US: Iraqi Insurgents Intentionally Kill Children

20 March 2007

A senior U.S. military officer says insurgents in Iraq used two children to help them pass a coalition checkpoint in Baghdad in recent days, and then detonated a car bomb, killing the children. The officer reported the incident during a news conference at the Pentagon, and VOA's Al Pessin reports.

Major General Michael Barbero says this is the first time he has heard of insurgents using what he called this brutal and ruthless technique.

"We saw a vehicle with two children in the back seat come up to one of our checkpoints, get stopped by our folks, the children in the back seat lowered suspicion, we let it move through," he said. "They parked the vehicle, the adults ran out and detonated with the children in the back."

The general said the incident happened in Baghdad during the weekend, but he could not provide any further details. Later, other U.S. officials said the attack was on Sunday at a market in Baghdad's Amadiya neighborhood, and that five people were killed and seven were injured.

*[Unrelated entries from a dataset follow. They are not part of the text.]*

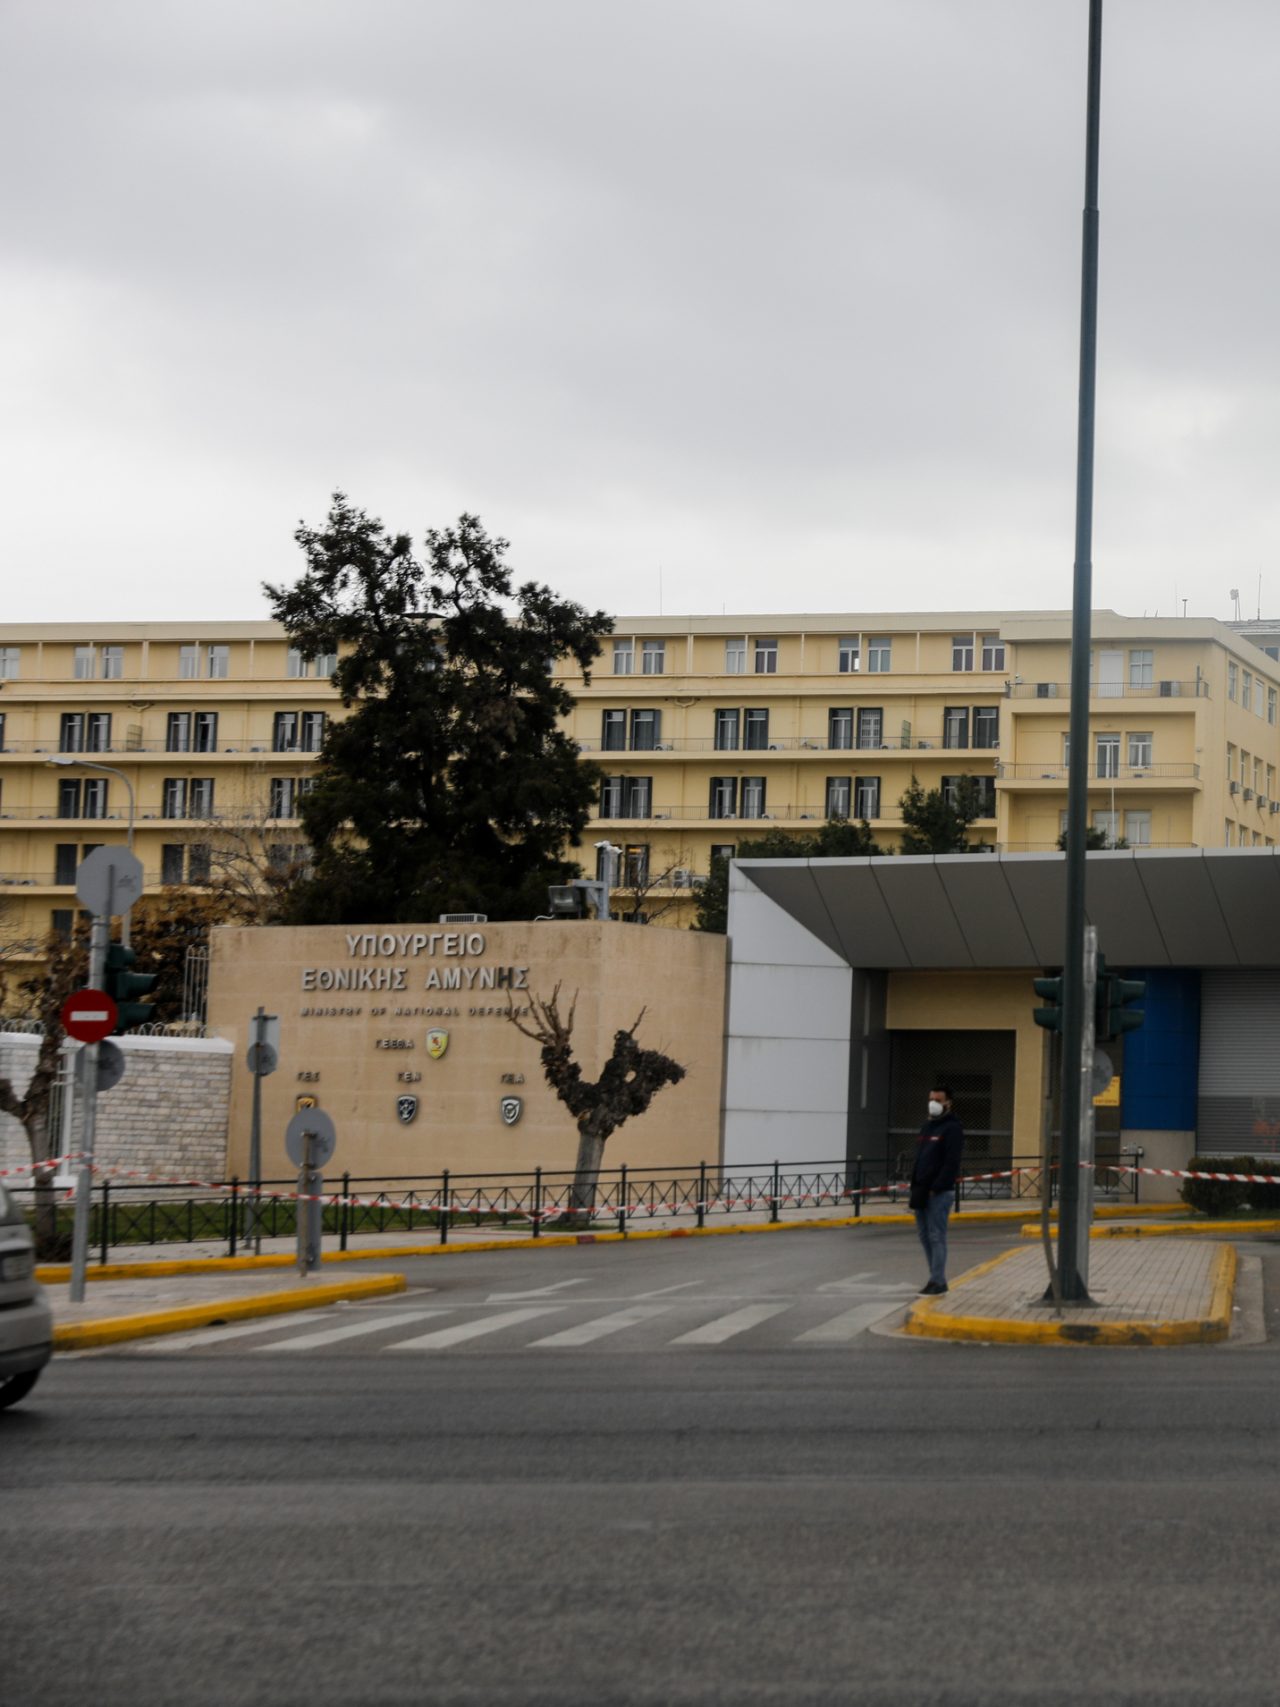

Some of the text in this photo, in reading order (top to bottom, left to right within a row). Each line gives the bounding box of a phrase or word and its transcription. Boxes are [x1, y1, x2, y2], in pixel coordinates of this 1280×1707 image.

[346, 933, 485, 956] ΥΠΟΥΡΓΕΙΟ
[303, 966, 529, 991] ΕΘΝΙΚΗΣ ΑΜΥΝΗΣ
[301, 1007, 362, 1017] MINISTRY
[370, 1007, 386, 1017] OF
[394, 1007, 460, 1017] NATIONAL

General Barbero also reported Iraqi insurgents have used six chlorine bombs since late January, mainly in western al-Anbar Province. Three of the chlorine bombings were used this past weekend, and General Barbero said he expects more because the chemical is readily available in Iraq. The general called the chlorine bombs "relatively ineffective," although one of the bombs made hundreds of people sick.

General Barbero, who is the deputy operations director for the Joint Chiefs of Staff, also said the increase of U.S. and Iraqi forces in Baghdad is on schedule and is beginning to have some impact. He said security posts are being established and ordinary Iraqis are being more cooperative to U.S. and Iraqi forces. He noted particularly the Sadr City neighborhood of Baghdad, a stronghold of militant Shi'ite cleric Moqtada al-Sadr.

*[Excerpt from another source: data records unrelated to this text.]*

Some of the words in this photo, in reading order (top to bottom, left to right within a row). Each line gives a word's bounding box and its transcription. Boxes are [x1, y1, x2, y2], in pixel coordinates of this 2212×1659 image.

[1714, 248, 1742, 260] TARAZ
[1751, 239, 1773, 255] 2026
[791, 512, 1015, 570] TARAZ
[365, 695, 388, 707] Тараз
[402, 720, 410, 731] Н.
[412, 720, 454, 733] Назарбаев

"There has been a pretty dramatic change in Sadr City over the last few weeks," he added. "We are able to operate freely in there. We have joint security stations established, a medical clinic, and we're operating freely in there, where before we were not."

General Barbero said the U.S. military believes Moqtada al-Sadr is still in Iran, where he has been on an extended visit. And the general indicated that some sort of negotiations are under way with officials in his movement to try to end their insurgency.

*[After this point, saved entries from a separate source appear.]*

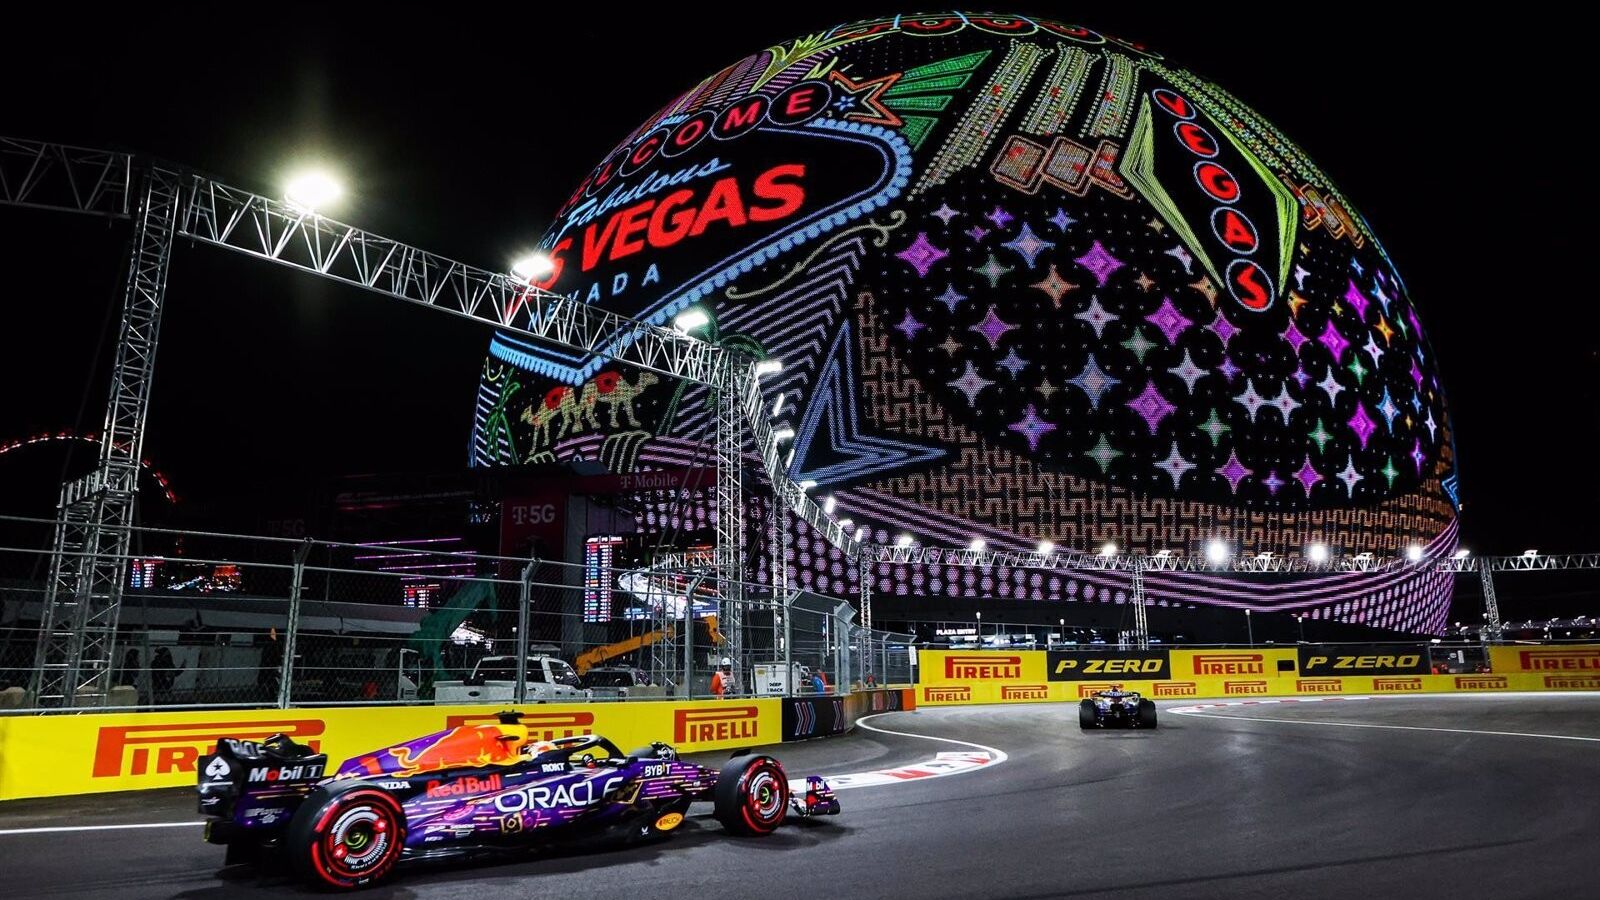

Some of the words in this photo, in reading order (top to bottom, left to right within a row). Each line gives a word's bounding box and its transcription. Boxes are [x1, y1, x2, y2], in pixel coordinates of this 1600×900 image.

[554, 87, 814, 218] ELCOME
[551, 157, 732, 249] Fabulous
[1156, 91, 1268, 311] VEGAS
[580, 163, 807, 272] VEGAS
[633, 474, 678, 488] Mobile
[529, 504, 556, 524] 5G
[945, 656, 1021, 678] PIRELLI
[1055, 659, 1078, 674] P
[1082, 658, 1163, 674] ZERO
[1193, 654, 1264, 675] PIRELLI
[1305, 655, 1328, 670] P
[1333, 654, 1421, 669] ZERO
[1153, 682, 1196, 696] PIRELLI
[1224, 681, 1267, 694] PIRELLI
[1296, 679, 1342, 693] PIRELLI
[1373, 678, 1422, 691] PIRELLI
[1455, 676, 1508, 690] PIRELLI
[924, 687, 971, 702] PIRELLI
[1001, 685, 1048, 700] PIRELLI
[674, 706, 758, 743] PIRELLI
[248, 765, 304, 783] Mobil
[541, 763, 565, 773] ROKT
[644, 762, 672, 777] BYBIT
[425, 779, 466, 798] Red
[466, 774, 502, 791] Bull
[494, 776, 624, 813] ORACLE

"I think where we are with the leaders of his movement is at a pretty delicate point and I probably don't want to talk any more about his followers, where we are in our relationship with them," he explained. "That's probably best left unsaid."

General Barbero said anyone is welcome to participate in Iraq's political process if they contribute to stability and security, including Moqtada al-Sadr. In the past, the U.S. military accused al-Sadr of responsibility for the deaths of U.S. troops, and wanted him arrested.